**What you will do**
A faithful, complete copy of the entries below is required, with images removed.

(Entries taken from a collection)
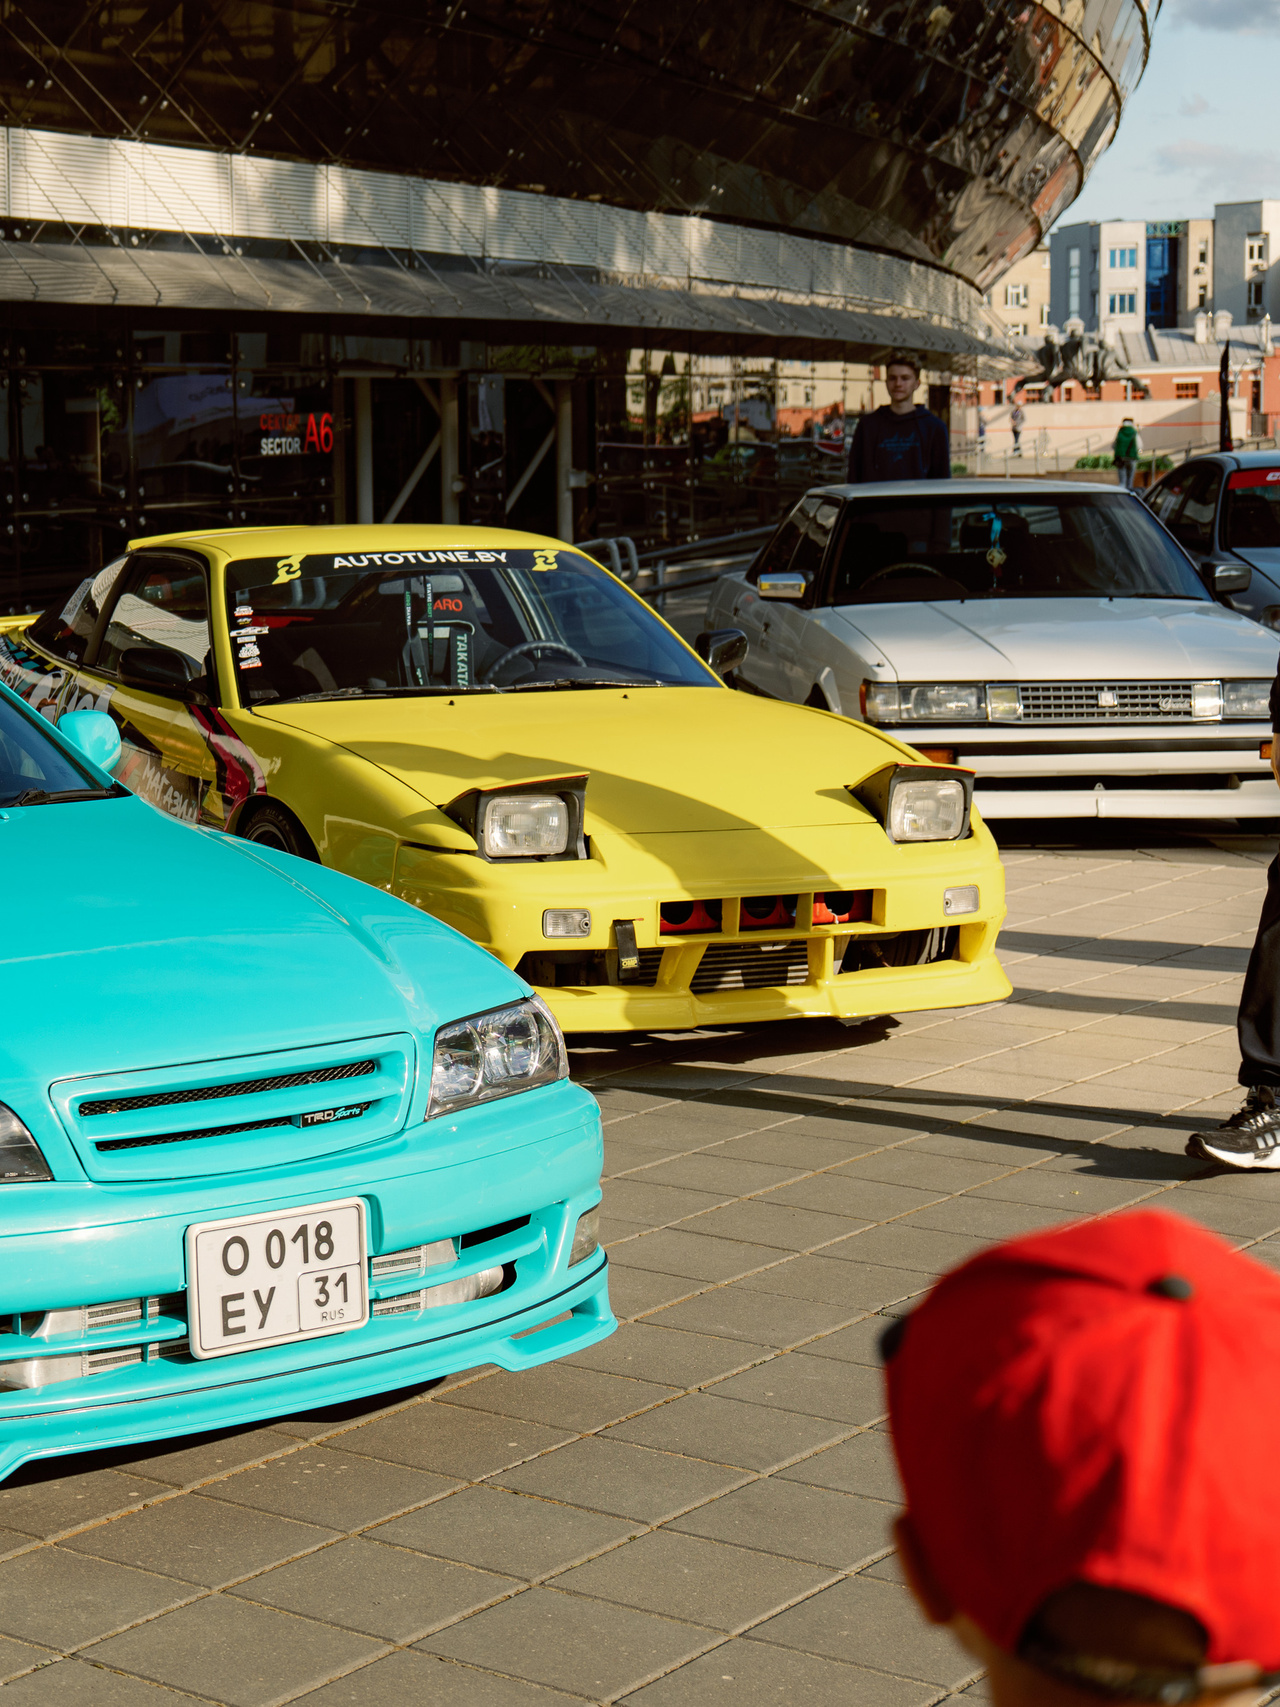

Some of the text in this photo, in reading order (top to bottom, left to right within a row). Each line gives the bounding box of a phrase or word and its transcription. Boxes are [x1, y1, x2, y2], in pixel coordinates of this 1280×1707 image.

[303, 412, 333, 454] A6
[260, 437, 300, 455] SECTOR
[333, 551, 509, 569] AUTOTUNE.BY
[304, 1107, 361, 1123] TRD Sports
[265, 1220, 335, 1270] 018
[314, 1272, 348, 1307] 31
[321, 1308, 345, 1322] RUS

**Response**
Some of the text in this photo, in reading order (top to bottom, left to right within a row). Each line gives the bounding box of a phrase or word and its transcription. Boxes are [x1, y1, x2, y2], in pixel coordinates of this 1280×1707 image.

[303, 412, 333, 454] A6
[260, 437, 300, 455] SECTOR
[333, 551, 509, 569] AUTOTUNE.BY
[304, 1107, 361, 1123] TRD Sports
[265, 1220, 335, 1270] 018
[314, 1272, 348, 1307] 31
[321, 1308, 345, 1322] RUS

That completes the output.